The national budget for FY 2014-15 is knocking at the door. It is essential to understand the causes of declining growth in Gross Domestic Product (GDP). The reasons are falling investment, demand-induced decreased import of capital machinery, concentration of productive capacity in readymade garments (RMG) and lack of production diversity in other exportable commodities, declining wage earners' inflow of remittances and unsatisfactory foreign direct investment (FDI) in the country.
The external sector has shown an upward trend in export earnings despite slower inflow of remittances and fall in import payments during the last fiscal year. Collapse of Rana Plaza, fire in Tazreen Fashions and political instability have all led export earnings to grow at a decreasing rate in recent years.

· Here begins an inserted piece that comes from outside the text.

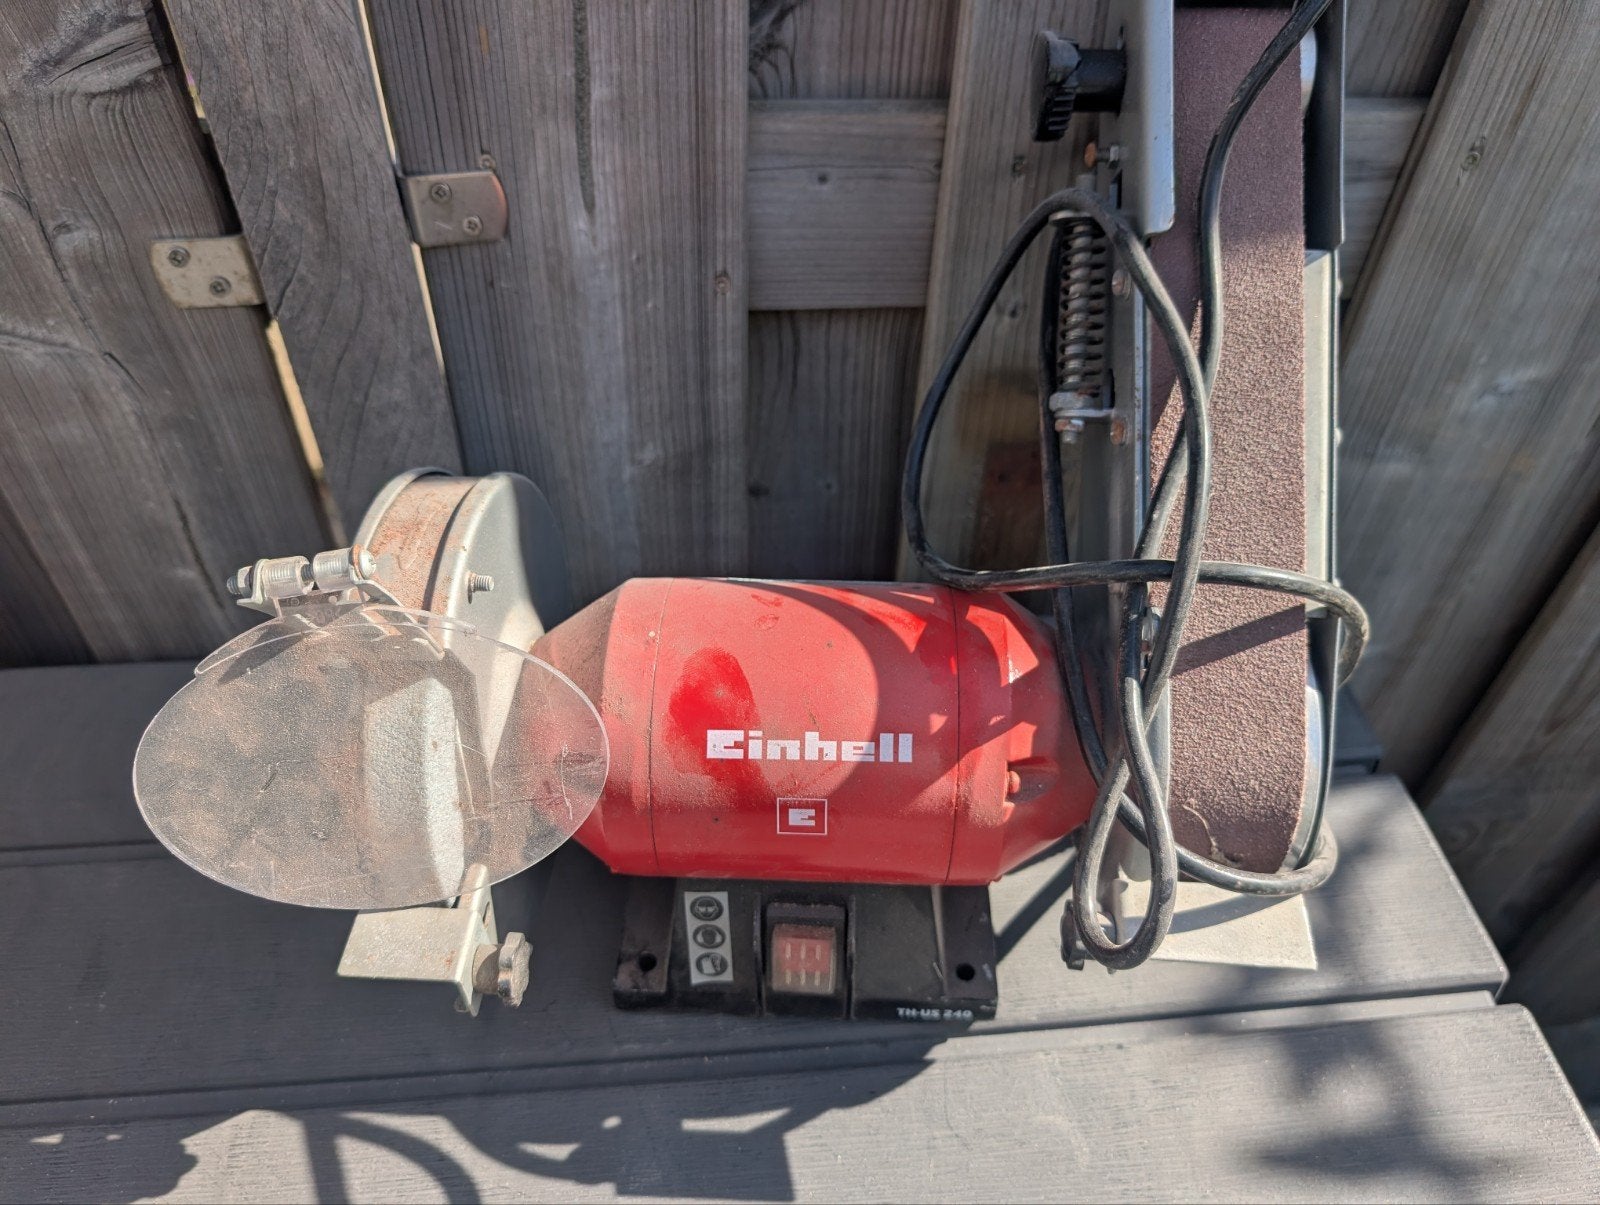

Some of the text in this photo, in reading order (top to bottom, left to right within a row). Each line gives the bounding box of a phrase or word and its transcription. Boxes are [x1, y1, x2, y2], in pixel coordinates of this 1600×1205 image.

[706, 729, 913, 763] Einhell
[788, 808, 816, 827] E
[897, 1007, 973, 1020] TH-US 240

Despite these challenges, however, the growth in RMG sector can especially be ascribed to the increase in export of knit and woven garment.
Moreover, export earnings increased more from non-traditional markets than that of the traditional markets. Import payments showed a decreasing trend because of lower demand for imports of crude petroleum and petroleum products. Political turmoil in the country in the recent past has created an uncertain environment for business for setting up new industries. This has resulted in decreased investment as reflected from demand-induced negative growth in the import of capital machinery. Opening of letters of credit (LCs) for capital machinery and petroleum products, however, started to increase due to relative calm in the political front since January 2014.

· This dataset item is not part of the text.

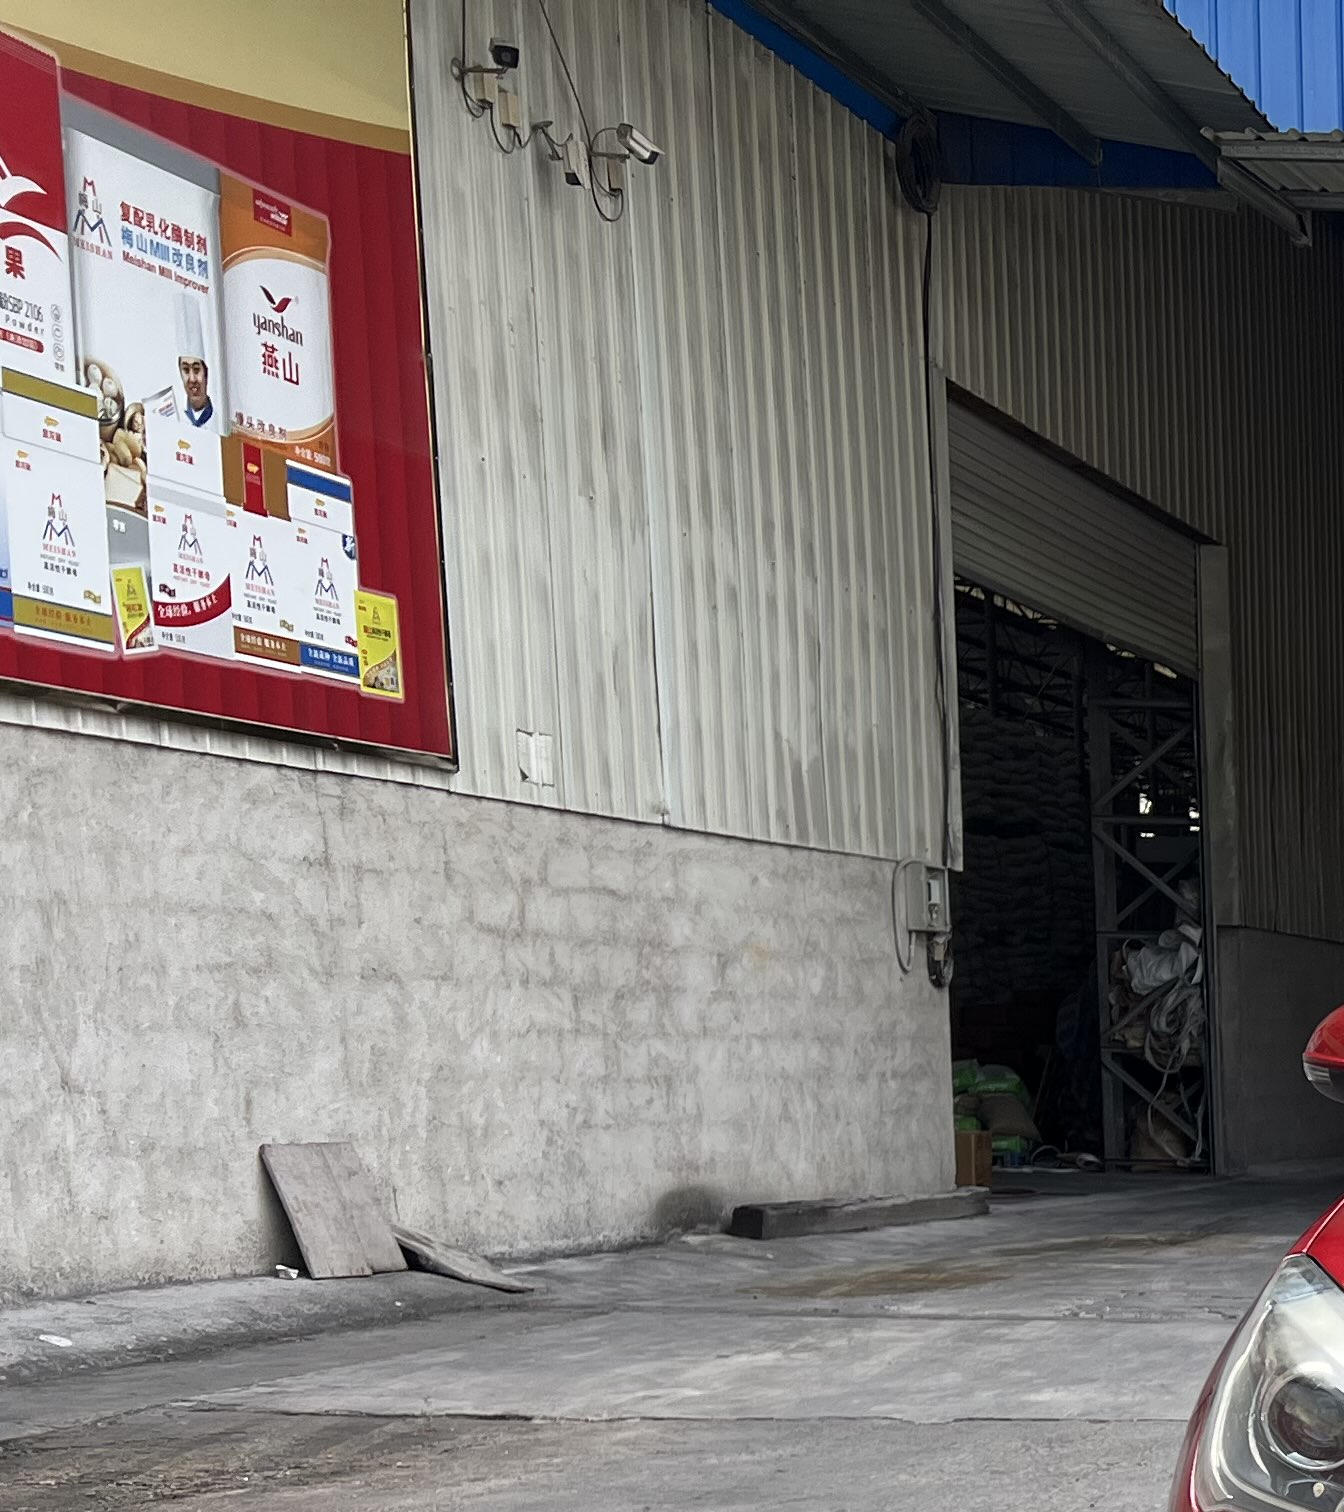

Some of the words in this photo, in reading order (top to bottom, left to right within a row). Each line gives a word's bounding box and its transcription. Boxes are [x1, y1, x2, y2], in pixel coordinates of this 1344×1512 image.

[72, 236, 113, 260] MEISHAN
[252, 312, 304, 347] yanshan
[261, 341, 300, 386] 燕山

The matter of serious concern is that the concentration of export in readymade garments and its declining rate of growth may pose serious challege to the economy.

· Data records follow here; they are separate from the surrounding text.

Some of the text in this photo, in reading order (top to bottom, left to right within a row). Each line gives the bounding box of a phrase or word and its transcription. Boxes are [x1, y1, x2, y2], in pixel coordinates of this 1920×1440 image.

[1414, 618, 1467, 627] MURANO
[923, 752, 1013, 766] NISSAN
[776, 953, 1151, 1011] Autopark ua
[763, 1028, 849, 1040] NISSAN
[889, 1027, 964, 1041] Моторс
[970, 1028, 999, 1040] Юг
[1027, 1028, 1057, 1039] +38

Import payment decreased from FY 2010-11 because of lower import of food grains, capital machinery and industrial raw materials and the continous bumper harvest of food grain after FY 2011-12.   
Inflows of remittance slowed in the last few months primarily because of a decline in labour migration to major markets like Saudi Arabia and Malaysia. As a result, this declining inflow of remittances is likely to exert adverse impact on the rural economy since consumption and expenditure of people living in rural areas are largely contingent upon remittance sent by their household members living abroad.
The country has now experienced increasing trend of the net foreign portfolio investment because of lower prices of stocks and attractive yield of government securities and appreciation of taka against dollars in recent months. Large gap between commitment and disbursement of foreign direct investment (FDI) over the years has been noticed recently. This can be attributed mainly to lack of infrastructural facilities and political turmoil as well as a sizeable chunk of foreign aid trapped in the pipeline.
In FY 2012-13, net foreign aid stood at US$ 1,886.61 million with a rate of growth of 51.19 per cent as compared to US$ 1247.82 million with 18.88 per cent rate of growth in the previous fiscal year. However, net foreign aid decreased by 28.93 and 25.69 per cent respectively in FY 2010-11 and FY 2008-09. In FY 2010-11, the payment (principal) increased by 5.83 per cent than that of the previous fiscal year despite the increasing rate of food aid by 16.64 per cent and project aid decreased by 19.36 per cent. Therefore, government had to finance a significantly larger proportion of the deficit through domestic borrowing, specifically through banks.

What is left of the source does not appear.